6. "An Excel document that everyone can access is enough for me."
Excel is a spreadsheet program, not a database tool for text. Simultaneous editing, version conflicts, and the lack of a real history make Excel a risk for complex engineering projects.
- The Solution: ETRM offers true collaboration. It is designed for texts to grow, be commented on, and managed in a revision-proof manner – without the file being "locked" or data being overwritten.
7. "I can't enter my sensitive data into such a tool!"
Fear of the cloud is often unfounded when compared to the alternative: unencrypted emails with specifications in the attachment, lying on countless devices and servers.
- The Solution: ETRM uses modern security standards. Your data is safer in a professionally managed environment than in any email outbox or on unsecured network drives.

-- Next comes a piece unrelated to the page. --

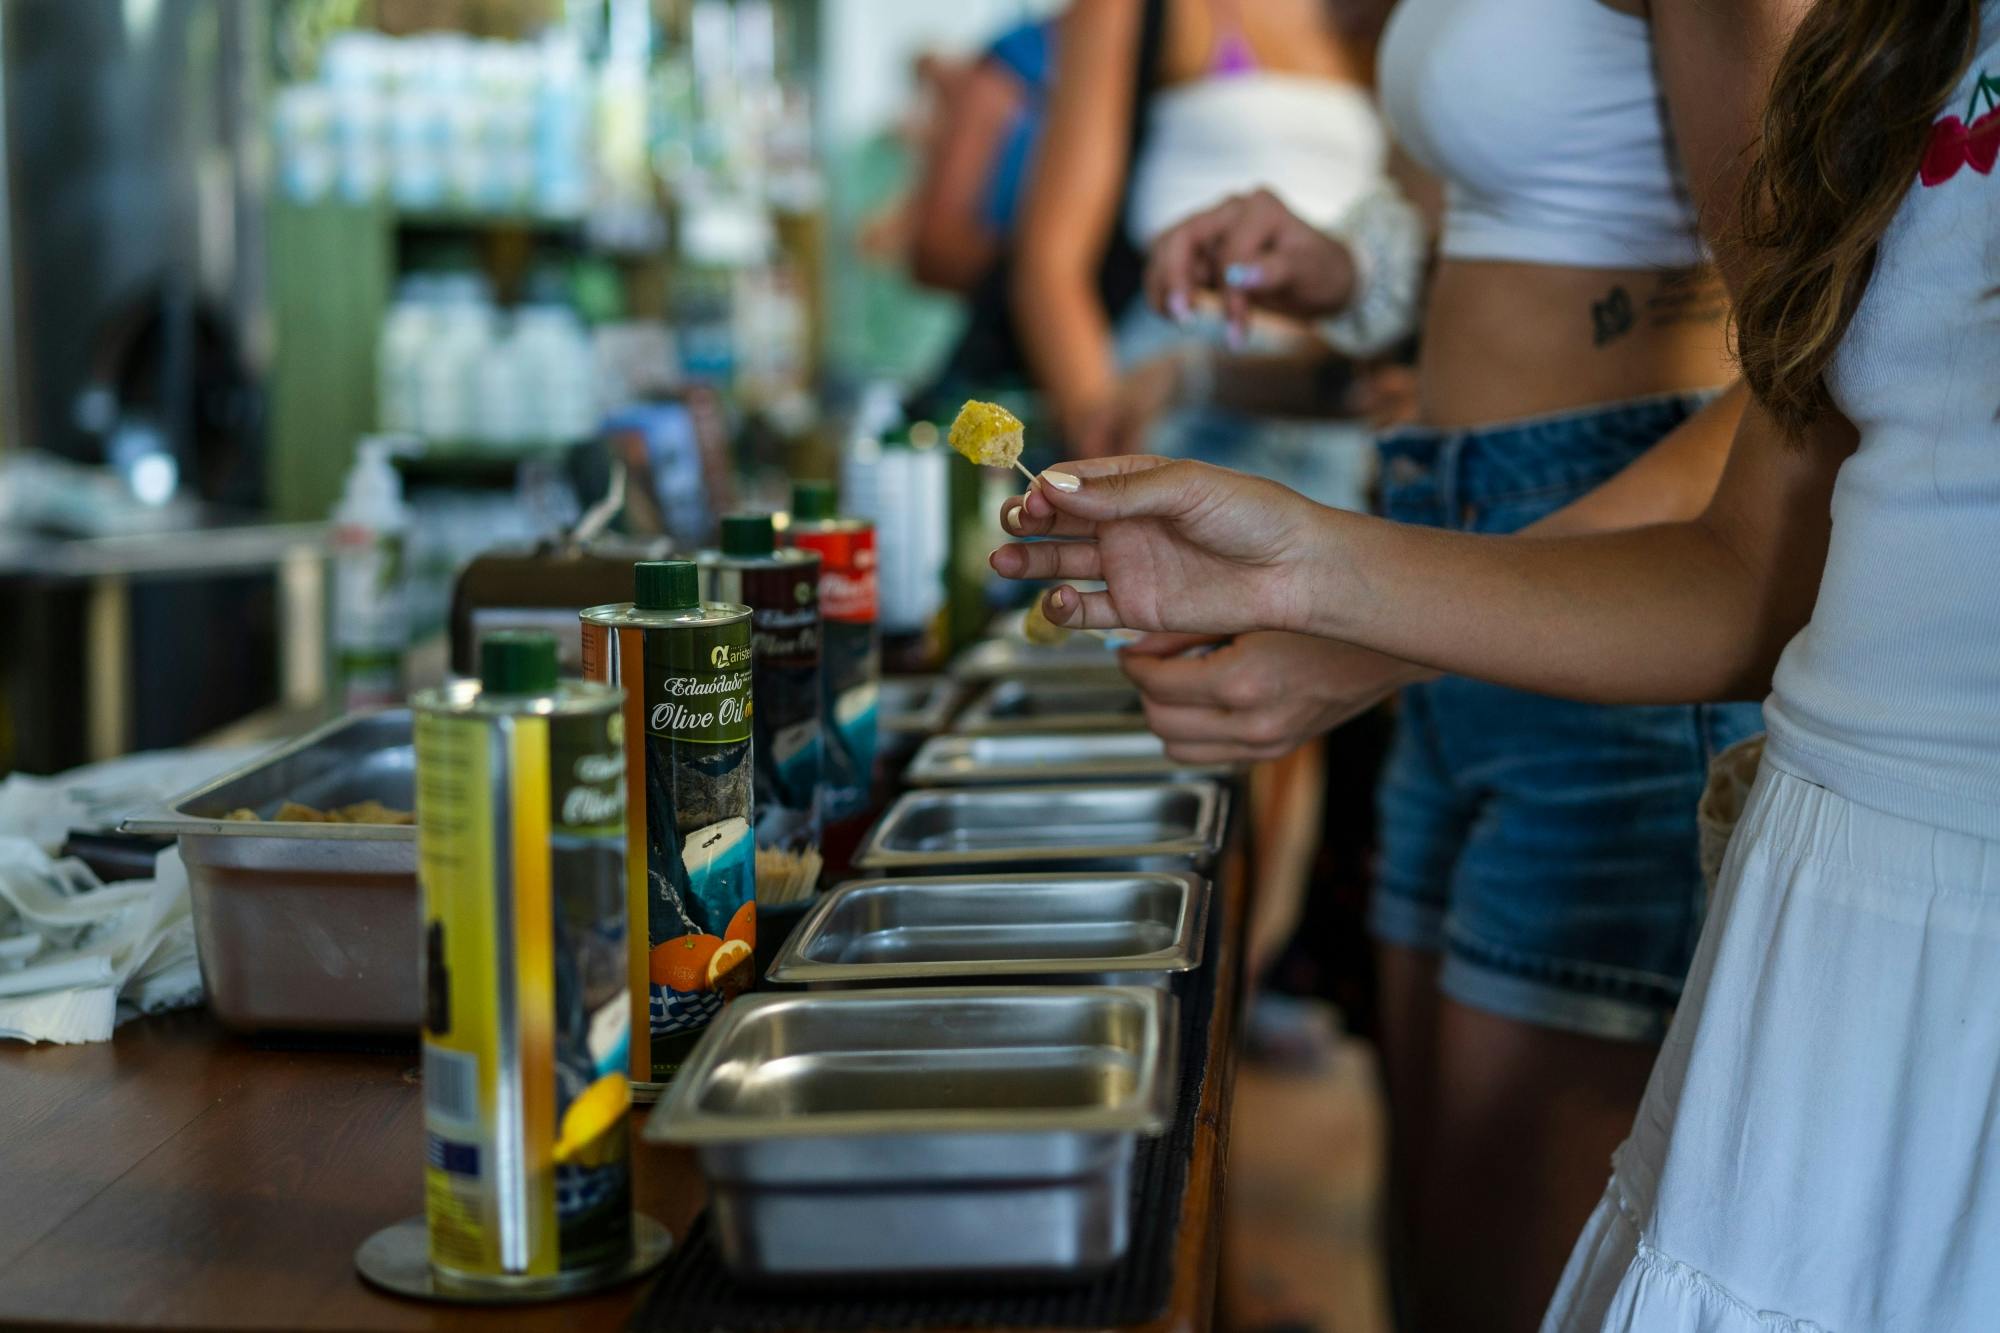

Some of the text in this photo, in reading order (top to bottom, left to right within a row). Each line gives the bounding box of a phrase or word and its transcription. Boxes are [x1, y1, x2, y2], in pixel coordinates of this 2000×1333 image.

[664, 672, 742, 697] Ελαιόλαδο
[651, 702, 714, 730] Olive
[719, 697, 744, 726] Oil

8. "In the end, only what's in the contract counts."
Exactly. However, practice shows that development teams often don't even know what is in the contract. And that's exactly why you need a tool that helps you handle contract obligations through requirements management so precisely that there is no room for legal disputes later.
- The Solution: Use ETRM to raise your technical requirements to a contract-ready level. The result is clear, text-based documentation that stands up to any scrutiny.

9. "We've had a tool before – it didn't make the work any easier either."
Reality: Many tools fail because of their own complexity. If you need a degree to operate a software, it quickly becomes a hindrance in stressful project daily life and ends up as a "data graveyard."
- The Solution: ETRM follows a minimalist approach. We have dispensed with unnecessary dead weight and focused on the core needs of engineers: structure, speed, and clarity. Our goal is not to complicate your way of working, but to digitally map the proven principle of the requirements specification so simply that the tool has your back instead of becoming a project itself.
10. "So everything will be perfect if I use ETRM?"
Well, if only. If you buy a professional wood plane, can you immediately build a perfect desk? (If you are a carpenter, think of another example...)
- The Tool: ETRM is a specialized tool that provides functions tailored for requirements management. It makes it easier for you to get started with requirements management, helps you visualize and track changes, and keeps your stakeholders up to date. Requirements management lives on the input of the participants.